According to Wabbit Wiki, some people mistake rabbit flopping for illness because it looks as if the rabbit has collapsed. Also, the gentle vibrations are mistaken for muscle twitches and seizures.
If you’re new to owning rabbits, it’s hard to know whether the behavior is normal or not. As mentioned, shaking is only usually a cause for concern if other symptoms accompany it.
Why Is My Rabbit Just Staying Still?
If your rabbit just sits and stares, this can be worrying. Sitting still can be a cause for concern, but it’s not always.
For example, rabbits often sleep with their eyes open, so it might look as if they are staring into space when they are asleep. You can tell if your rabbit is sleeping by listening to their respiration rate. Most sleeping rabbits will have a slightly slower respiration rate (around 50 breaths per minute).
Sitting still can be a sign of illness. For example, if your rabbit won’t move, and they have cold or flattened ears, this is a medical emergency. Also, some rabbits sit and stare when death is approaching.
Is Rabbit Shaking a Sign of Death?
As rabbits approach death, some will shake and convulse. These convulsions are automatic muscle contractions. The rabbit probably has very little awareness of these convulsions. Some rabbits also scream just before death. This process of “shutting down” can be very sad to witness.
If death is approaching, the convulsions should not last very long. Nothing can be done at this stage to revive the rabbit. But, to reiterate, rabbits shake for all sorts of reasons. Some are very serious, but some are perfectly normal.
Rabbit Shaking: What’s Normal and What’s Not?

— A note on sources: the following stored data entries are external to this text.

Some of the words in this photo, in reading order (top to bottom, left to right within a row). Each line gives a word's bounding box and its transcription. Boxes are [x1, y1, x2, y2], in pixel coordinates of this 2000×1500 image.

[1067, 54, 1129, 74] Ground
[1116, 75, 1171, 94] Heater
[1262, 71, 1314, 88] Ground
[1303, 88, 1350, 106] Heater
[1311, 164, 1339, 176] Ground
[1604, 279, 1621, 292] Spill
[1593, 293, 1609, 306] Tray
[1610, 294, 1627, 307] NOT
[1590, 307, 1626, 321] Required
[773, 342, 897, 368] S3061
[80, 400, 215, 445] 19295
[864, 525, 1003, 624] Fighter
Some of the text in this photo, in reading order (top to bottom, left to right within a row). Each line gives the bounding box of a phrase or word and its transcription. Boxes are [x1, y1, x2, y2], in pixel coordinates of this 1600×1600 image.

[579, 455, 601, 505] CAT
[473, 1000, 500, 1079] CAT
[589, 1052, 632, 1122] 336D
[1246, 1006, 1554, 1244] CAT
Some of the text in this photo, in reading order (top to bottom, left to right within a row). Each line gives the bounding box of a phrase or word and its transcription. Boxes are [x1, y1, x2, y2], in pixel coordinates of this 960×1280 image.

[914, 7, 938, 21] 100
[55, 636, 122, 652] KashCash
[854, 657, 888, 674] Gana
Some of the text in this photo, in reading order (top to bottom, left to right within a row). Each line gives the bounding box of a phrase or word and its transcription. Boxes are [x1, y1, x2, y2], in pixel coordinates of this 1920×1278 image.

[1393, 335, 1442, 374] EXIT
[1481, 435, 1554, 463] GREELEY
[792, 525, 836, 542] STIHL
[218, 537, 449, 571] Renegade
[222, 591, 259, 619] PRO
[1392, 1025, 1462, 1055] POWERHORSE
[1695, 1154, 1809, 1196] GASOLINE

Let’s finish by summarizing what’s normal and what’s not:
|Trembling after a stressful encounter. This should only last a couple of minutes.||Shaking for long periods of time and no apparent reason|
|If the respiration rate stays within a normal range while the rabbit is trembling, this is a good sign (30 – 60 breaths per minute).||Shaking with a raised respiration rate (more than 60 breaths per minute).|
|Rocking or trembling during sleep, perhaps accompanied by a light clucking sound.||Trembling while awake and for long periods of time.|
|Skin rippling after a positive experience (i.e. going outdoors).||Convulsing/fitting|
|Flopping out and trembling gently. This can be a sign of deep contentment as long as there are no additional symptoms.||Clumsiness, loss of balance, swishing side to side, falling over, etc.|
|If your rabbit lets you touch them while shaking, this is generally a positive sign||Avoiding being touched before, during, and after shaking.|
|Shaking the head and stamping the back feet (a sign of annoyance). It should only be temporary.||Shaking the head violently. Or, trying to scratch the head.|
|Hiccupping can make a rabbit tremble. This is normal, especially in young rabbits.||Rabbit lying on its side and shaking with a bloated stomach.|
|Sleeping with eyes open (seemingly staring into space).||Sitting still for very long periods with cold ears or flattened ears.|
Remember, if your rabbit is shaking and has any other symptoms, you must seek treatment immediately. Convulsions are a medical emergency and should never be ignored.